──────── DATA RECORDS

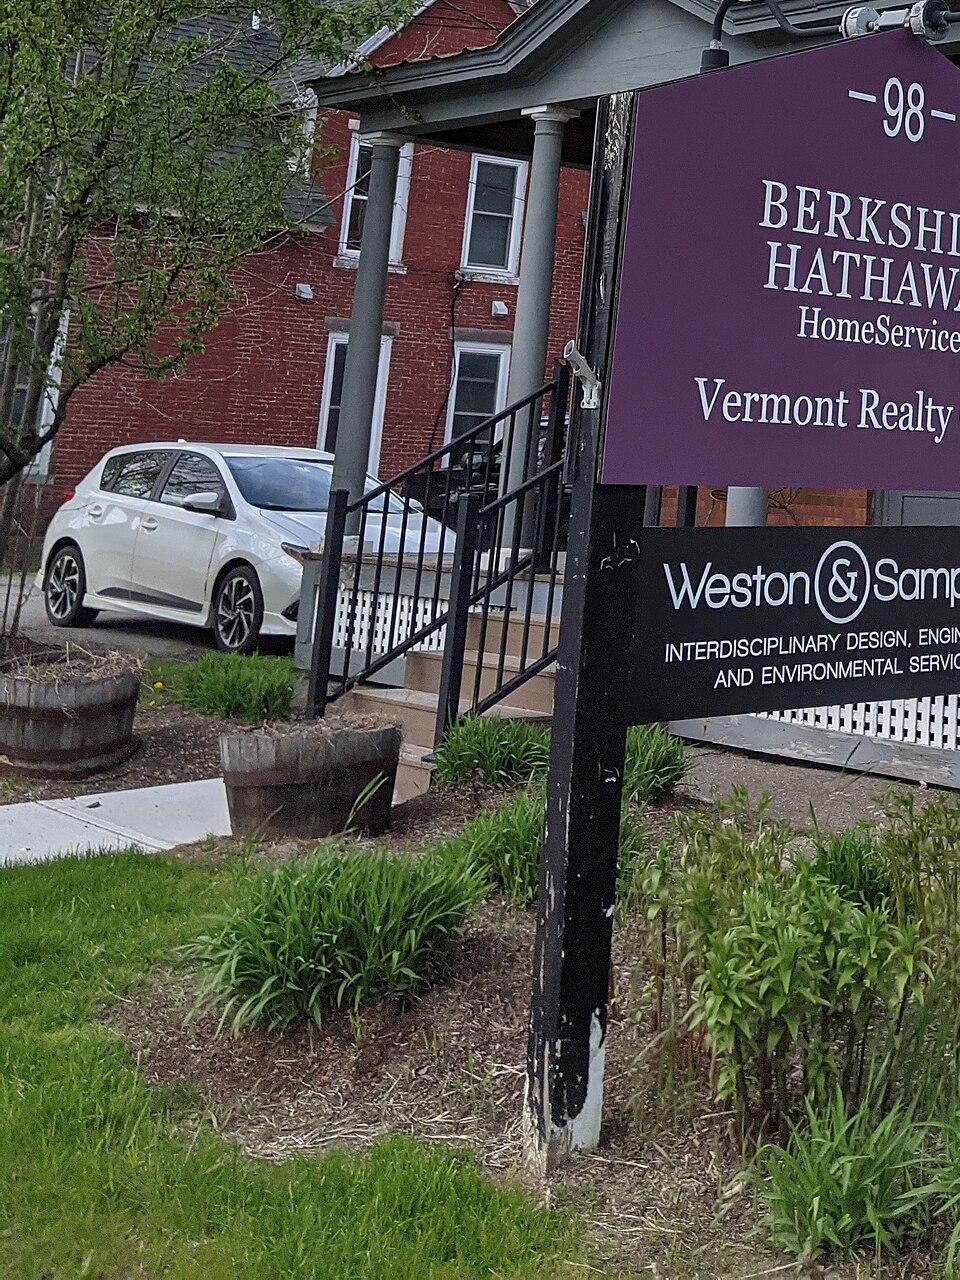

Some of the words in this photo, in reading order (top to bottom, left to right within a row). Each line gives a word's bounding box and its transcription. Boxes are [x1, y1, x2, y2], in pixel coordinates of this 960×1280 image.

[694, 377, 849, 428] Vermont
[856, 388, 954, 444] Realty
[663, 562, 811, 610] Weston
[664, 633, 841, 663] INTERDISCIPLINARY
[846, 628, 913, 651] DESIGN,
[713, 669, 754, 689] AND
[761, 657, 904, 685] ENVIRONMENTAL

────────────────

• WHAT TO DO:
Every line of the data above should be repeated exactly. Omit the pictures.

• FINISHED TASK:
Some of the words in this photo, in reading order (top to bottom, left to right within a row). Each line gives a word's bounding box and its transcription. Boxes are [x1, y1, x2, y2], in pixel coordinates of this 960×1280 image.

[694, 377, 849, 428] Vermont
[856, 388, 954, 444] Realty
[663, 562, 811, 610] Weston
[664, 633, 841, 663] INTERDISCIPLINARY
[846, 628, 913, 651] DESIGN,
[713, 669, 754, 689] AND
[761, 657, 904, 685] ENVIRONMENTAL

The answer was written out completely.